■ PROBLEM STATEMENT ■
A faithful copy of the data below is required, leaving out every picture.

(Annotated photo localization data)
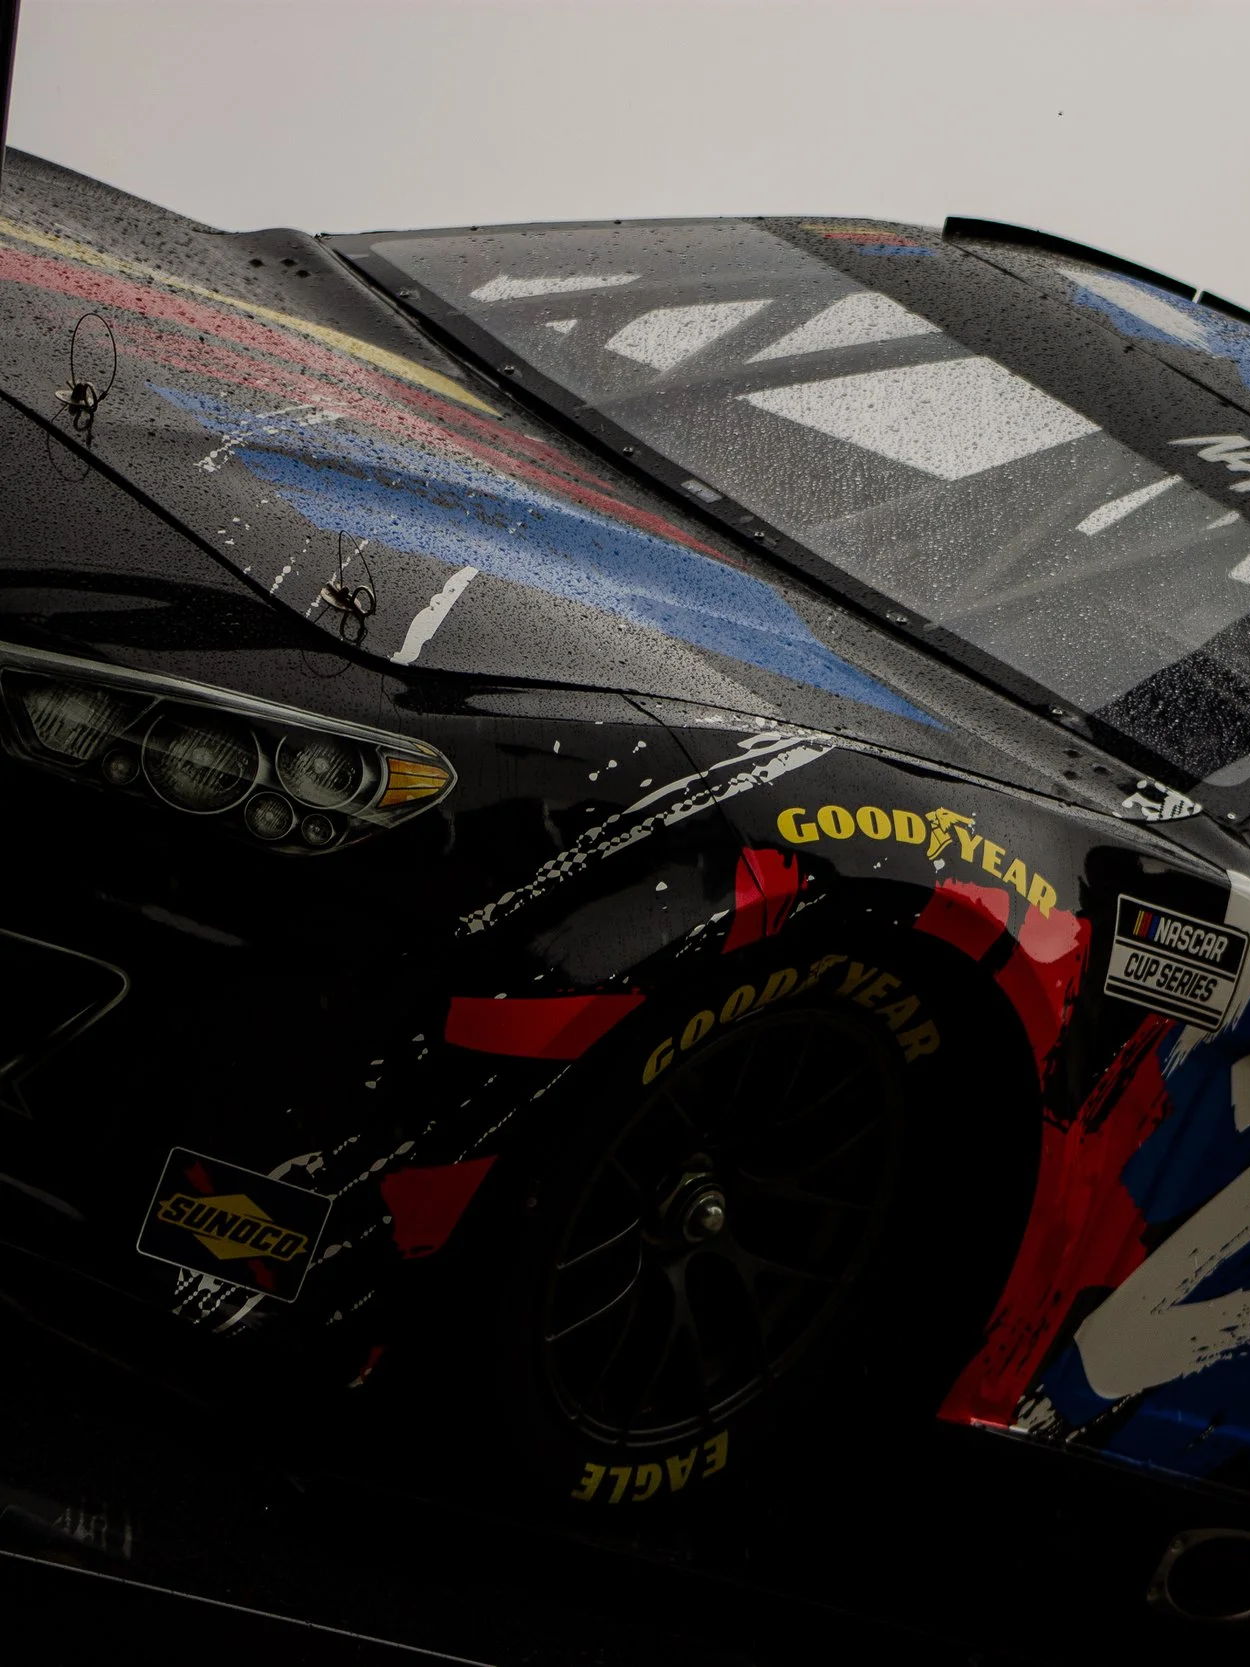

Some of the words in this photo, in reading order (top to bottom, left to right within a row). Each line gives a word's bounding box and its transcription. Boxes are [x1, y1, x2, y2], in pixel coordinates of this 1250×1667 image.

[776, 806, 1058, 918] GOODYEAR
[1154, 917, 1228, 962] NASCAR
[1125, 953, 1159, 982] CUP
[1157, 963, 1217, 1001] SERIES
[641, 953, 943, 1086] GOODYEAR
[163, 1195, 303, 1259] SUNOCO
[571, 1429, 730, 1504] EAGLE

■ WRITTEN ANSWER ■
Some of the words in this photo, in reading order (top to bottom, left to right within a row). Each line gives a word's bounding box and its transcription. Boxes are [x1, y1, x2, y2], in pixel coordinates of this 1250×1667 image.

[776, 806, 1058, 918] GOODYEAR
[1154, 917, 1228, 962] NASCAR
[1125, 953, 1159, 982] CUP
[1157, 963, 1217, 1001] SERIES
[641, 953, 943, 1086] GOODYEAR
[163, 1195, 303, 1259] SUNOCO
[571, 1429, 730, 1504] EAGLE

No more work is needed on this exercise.